Figure 1.

Microbiota and microbial metabolites can shape hematopoiesis and the immune response. Commensal microbes promote the maintenance of both hematopoietic stem cells (HSCs) and precursor myeloid cells. The absence of commensal microbes leads to defects in several innate immune cell populations, including neutrophils, monocytes, and macrophages. Feeding mice a diet rich in fiber changed the ratio of Firmicutes to Bacteroidetes and Bifidobacteriaceae. The presence of a complex intestinal microbiota specifically amplifies myelopoiesis in the bone marrow (BM).
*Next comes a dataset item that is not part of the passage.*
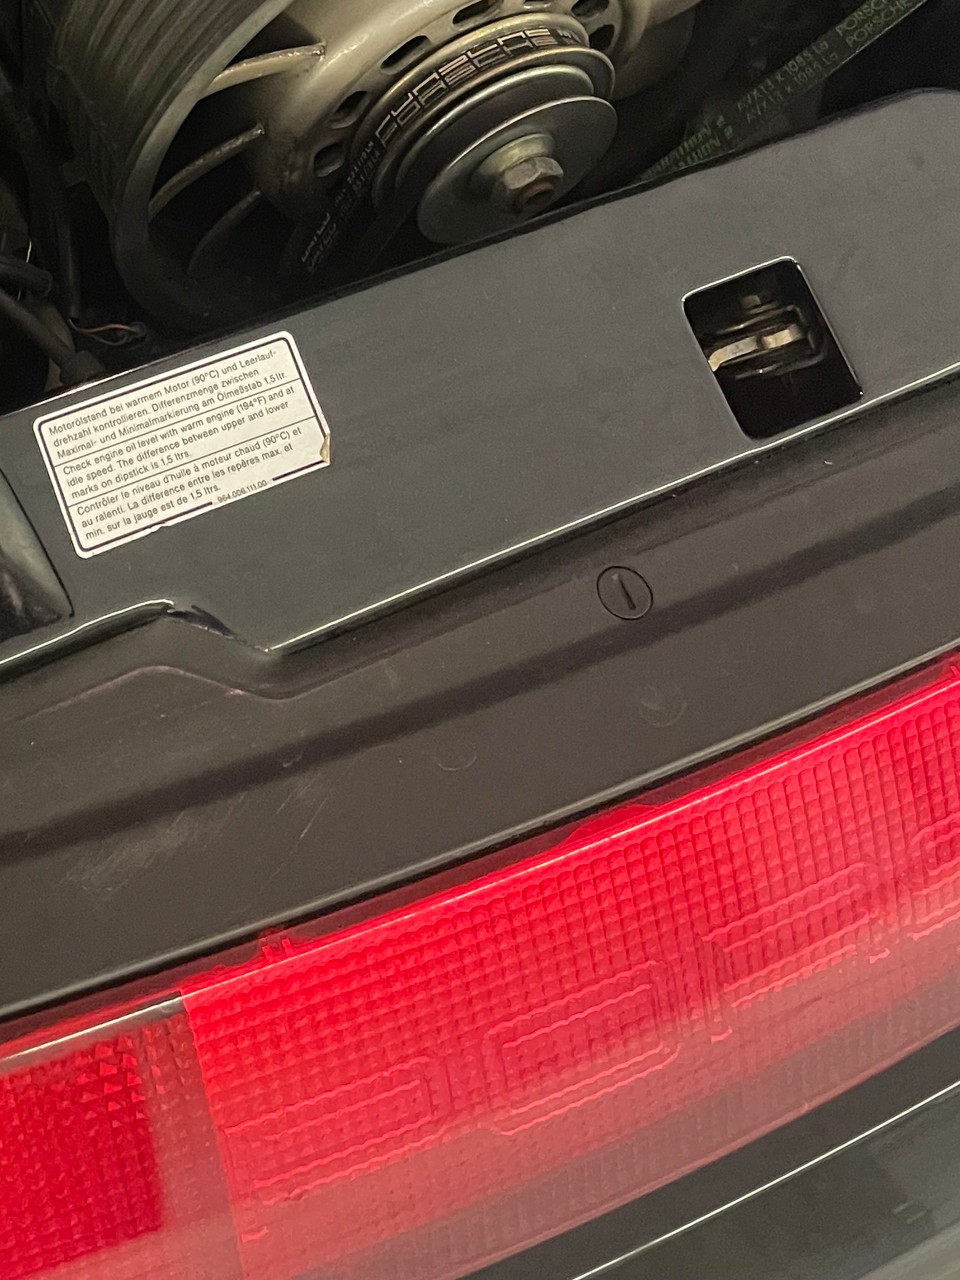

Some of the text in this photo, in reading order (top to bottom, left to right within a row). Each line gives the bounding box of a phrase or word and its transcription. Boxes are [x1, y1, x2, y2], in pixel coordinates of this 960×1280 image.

Dietary fiber is metabolized by gut microbiota, thereby increasing the levels of circulating short-chain fatty acids (SCFAs) and promoting the growing of myeloid precursors without affecting lymphoid progenitors in the BM. In the context of dysbiosis, the growth of pathogenic microbes acts as dormant bacterial reservoir that provides a source of persistent low-grade inflammation mediated by LPS and other pathogen-associated molecular patterns (PAMPs) that persistently stimulate hematopoietic stem progenitor cells via pathogen recognition receptors like TLR (TLR4, TLR7, and TLR9), leading to hematopoiesis inhibition. The LPS stimulation of TLR monocytes induces TNF-alpha secretion, and this persistent stimulation of HPSCs may further inhibit hematopoiesis via exhaustion.